At this point, it’s too late for IndyCar and Toronto officials to reschedule the cancelled race, so we’ll all have to wait until next season if we want to trek up north of the border to see one of the best street-course races there is.
But there’s also a couple of potentially negative aspects that came out of Tuesday’s announcement:
• With NBCSN ceasing operations by the end of this year, IndyCar will see its races telecast on three different NBC-affiliated networks: NBC, the USA Network and the Peacock streaming service. That may be somewhat confusing to fans who may wonder where which races will be aired.
• Also, two as-yet-undetermined races will air solely on Peacock. That’s not going to sit well with some IndyCar fans who don’t subscribe to Peacock. According to a recent analysis by Newsweek, Peacock is the sixth most-popular streaming service in the country with 33 million subscribers. While that may sound like a lot, it’s a far cry from the top three streaming sites per Newsweek: Netflix (207.6 million), Amazon Prime (200 million) and Disney+ (100 million).
In addition, all practices and qualifying sessions—as well as Indy Lights races—in 2022 and beyond under the new deal will be carried solely on Peacock (with the likely exception of qualifying for the Indianapolis 500 still being on NBC, as well as the legendary Greatest Spectacle In Racing on its traditional Memorial Day weekend spot).

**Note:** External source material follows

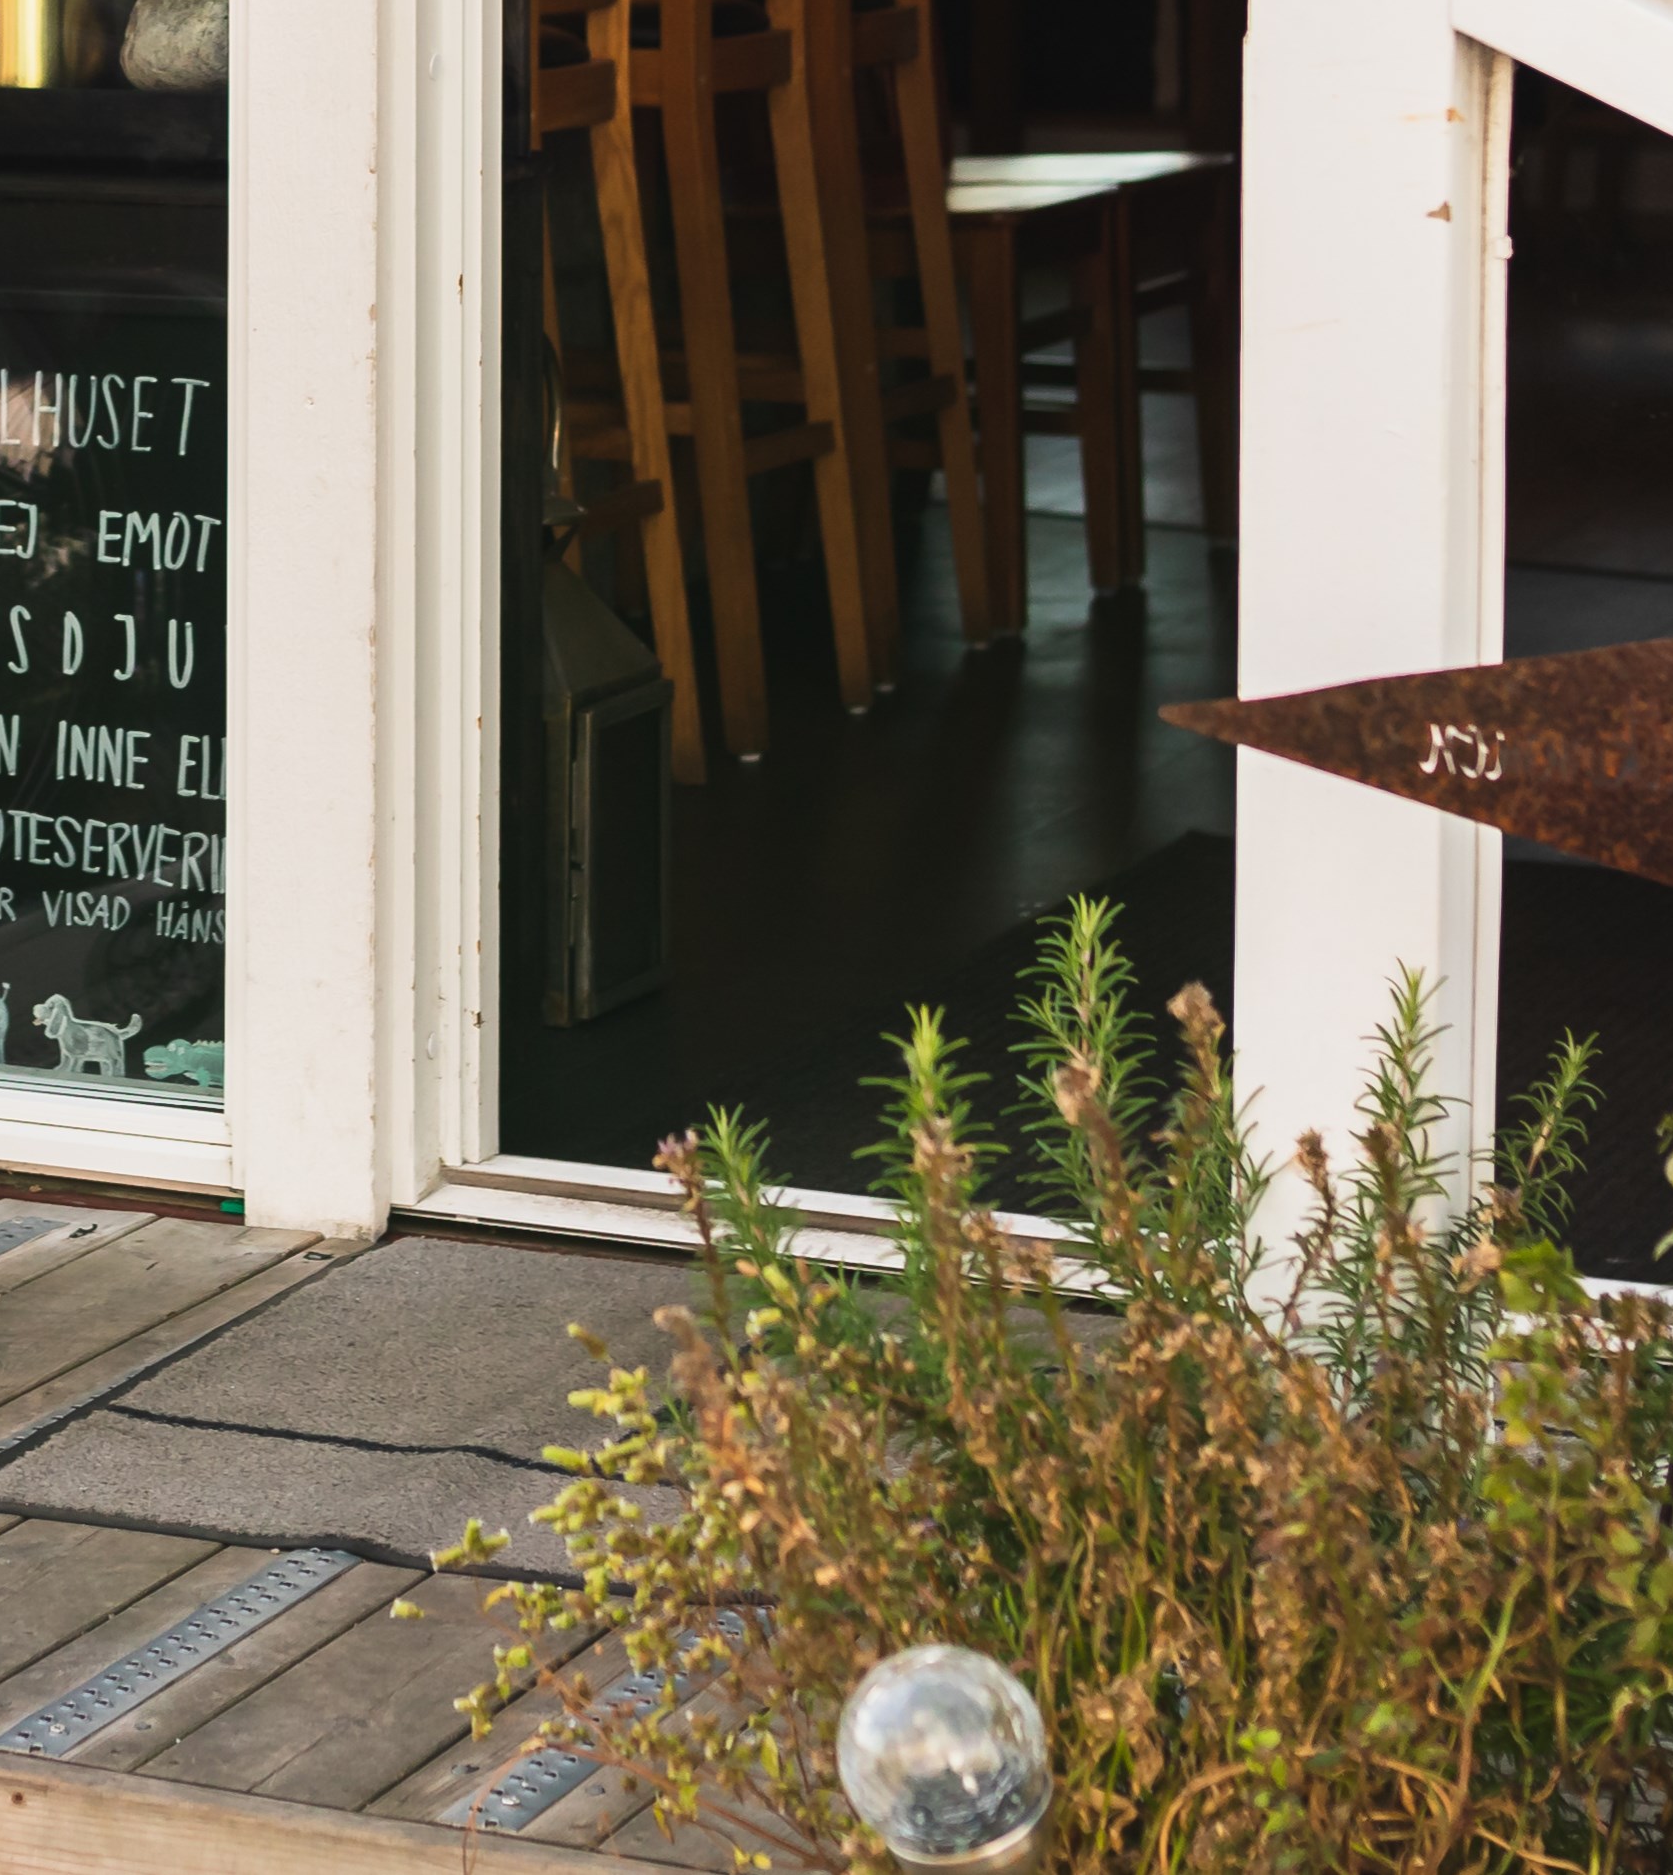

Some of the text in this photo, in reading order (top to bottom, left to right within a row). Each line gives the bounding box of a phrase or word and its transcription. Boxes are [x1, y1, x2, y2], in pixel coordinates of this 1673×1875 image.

[95, 508, 223, 573] EMOT
[56, 719, 151, 790] INNE
[42, 889, 131, 932] VISAD

However, if you’re a real die-hard IndyCar fan, it will cost you even more if you want to see everything the series (and Indy Lights) has to offer, with an additional cost to subscribe to Peacock Premium, an offshoot of the Peacock streaming service.
One other plus, and in a move to enhance and grow its Spanish-speaking audience, Telemundo Deportes will provide Spanish-language coverage of the season-opening race, the Indy 500 and the season finale.
On the plus side, Peacock will also simultaneously stream all races in the NTT IndyCar Series televised on NBC and the USA Network, as well as offer replays.
NBC’s airing of IndyCar racing has had some key high points:
• This year’s 105th Indy 500, won in dramatic fashion for the fourth time by Helio Castroneves, was the most-watched IndyCar race since the 100th Running of the Indy 500 in 2016.
• Viewership this season is running 30 percent higher than last year’s comparable viewing, albeit with the caveat that last season was also heavily impacted by race cancellations, postponements and relocations due to the COVID-19 pandemic.
While many fans have expressed hopes that IndyCar would return to ABC/ESPN and form a strong 1-2 punch package with ESPN’s coverage of Formula 1, NBC will continue to be IndyCar’s home for at least the next 2-3 seasons.
But after that, especially depending on whether NASCAR will extend its current deals with Fox and NBC following the 2024 season, it’s anyone’s guess where IndyCar will go from there. It should be interesting to watch, both literally and figuratively.
Full disclosure: Jerry Bonkowski covered motorsports for NBCSports.com from 2013 until 2020 before he was laid off along with over 4,500 other NBC employees due to the advertising downturn related to COVID-19.